Final decree: This cause is before the court for final adjudication, and having read all the pleadings and the numerous depositions of testimony, and having heard argument of counsel for the parties, the court being advised in the premises is of the conviction that the final decree of May 4, 1966 should be reaffirmed and reinstated as the final ruling and decree of the court in this case. The following appears conclusively from the record —
That the young, sincere plaintiff doctor, during his second year of practice in Florida (June, 1962) opened up his own office in Opa Locka, Florida, and procured a corporation to be formed under the name of “North Dade Medical Clinic.” In November of the same year, he registered himself under the fictitious name statute as “North Dade Medical Center.” All of this was at the outset of his practice when he operated alone in an office of 200 square feet of space.
The plaintiff prospered and employed two or three associates and expanded into his present quarters in a single-story building *142of 1,500 square feet, which prominently displays signs reading “North Dade Medical Center.”
Under the evidence, the “medical center” houses the private-practice offices and attendant treatment and examining rooms of three or four physicians, including the plaintiff.

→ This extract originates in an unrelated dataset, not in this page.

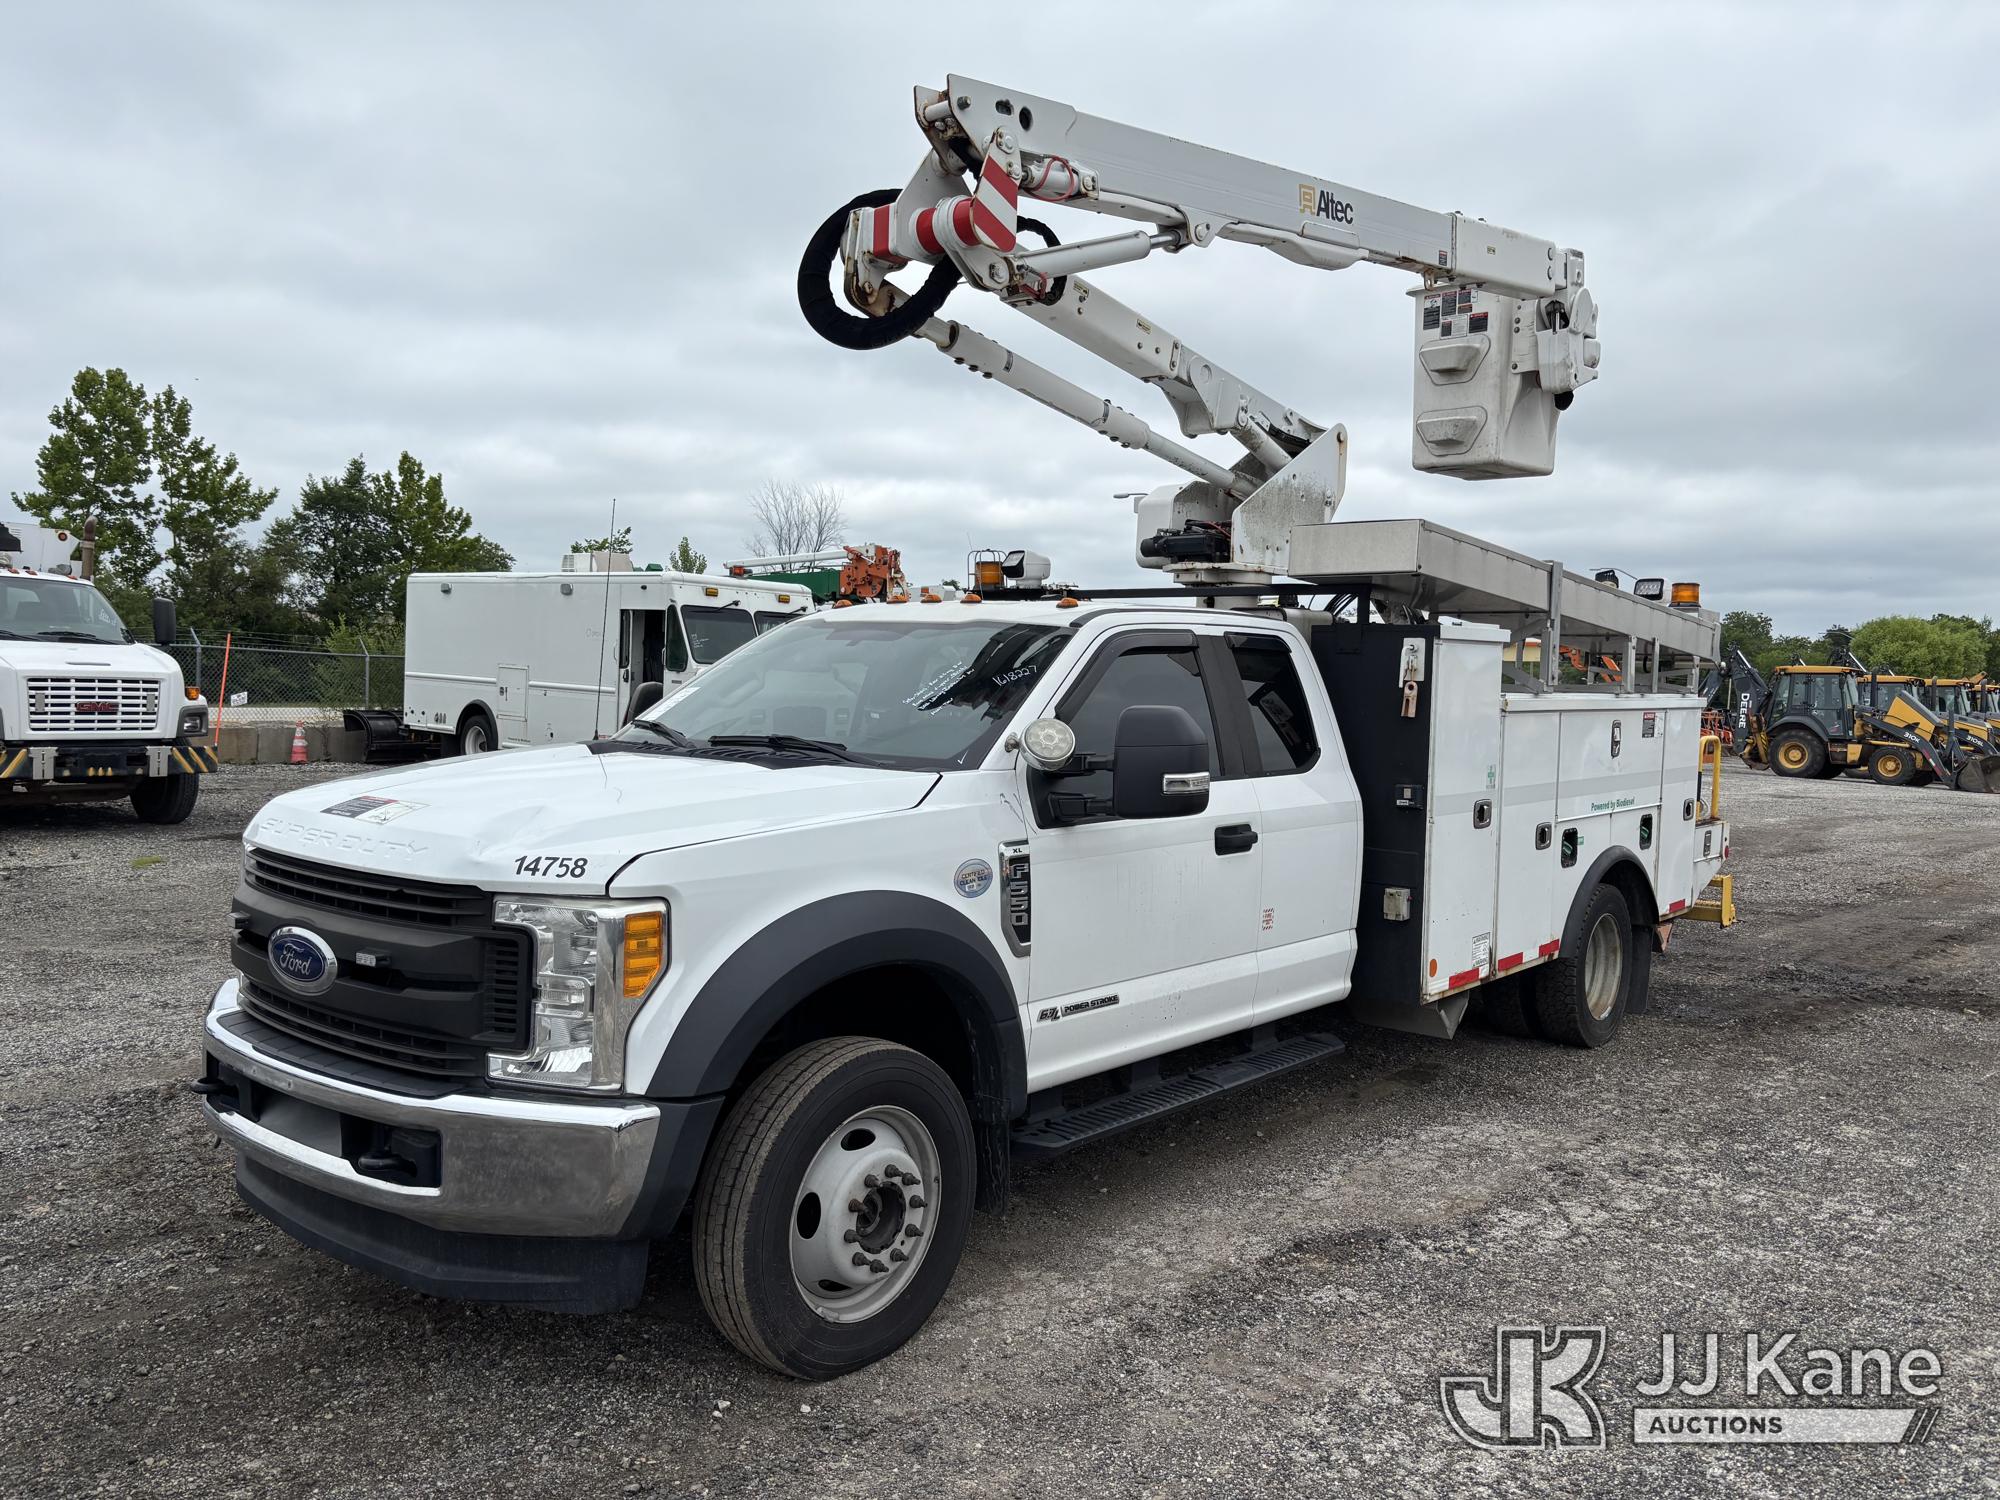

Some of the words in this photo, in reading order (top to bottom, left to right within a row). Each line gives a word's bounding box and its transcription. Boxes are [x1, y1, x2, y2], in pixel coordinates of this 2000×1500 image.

At best, it might be termed a medical clinic.
Assuredly, it is not a hospital; nor is it in any sense of the term a “medical center.” It may well be that plaintiff intends to build a small hospital in the future for “overnight” patients, but it is clear that even this building, if constructed, would fall far short of “medical center” proportions. There is satisfactory proof before the court that the plans for the new structure are in being and are being prosecuted to reality.
The defendant is located in North Dade County and is a general hospital, and has been such for several years. Formerly known as the “Cloverleaf Hospital,” it voluntarily changed its name on January 3, 1966, to its present name of “North Dade General Hospital.” It does not provide office facilities for private practice doctors; it does not advertise nor hold itself out as a clinic; it does not attempt to use the name “medical center.”
There is some little confusion that has resulted with the assumption of the new name by the defendant; however, there is no great confusion which results to the public by reason of the existence of a hospital and a “medical center” in the same general area of the county, as charged by the plaintiff. A hospital is a necessary part of a true medical center; but a hospital itself cannot properly be called a medical center without many additional facilities, departments and undertakings.
The court finds that plaintiff has failed to sustain the burden of proof to a degree which would entitle him to the relief herein sought against the defendant but it is obvious that the defendant could have avoided the controversy by adoption of a name other than the one it presently operates under.
The court notes that the defendant has voluntarily dismissed its counterclaim against the plaintiff.
There is no evidentiary basis for the recovery of damages claimed by the plaintiff.
Accordingly it is ordered, adjudged and decreed that the equities are found and deemed to be with and in favor of the defendant. It is further ordered, adjudged and decreed that the complaint, and this action, are dismissed with prejudice and each party shall bear its own costs.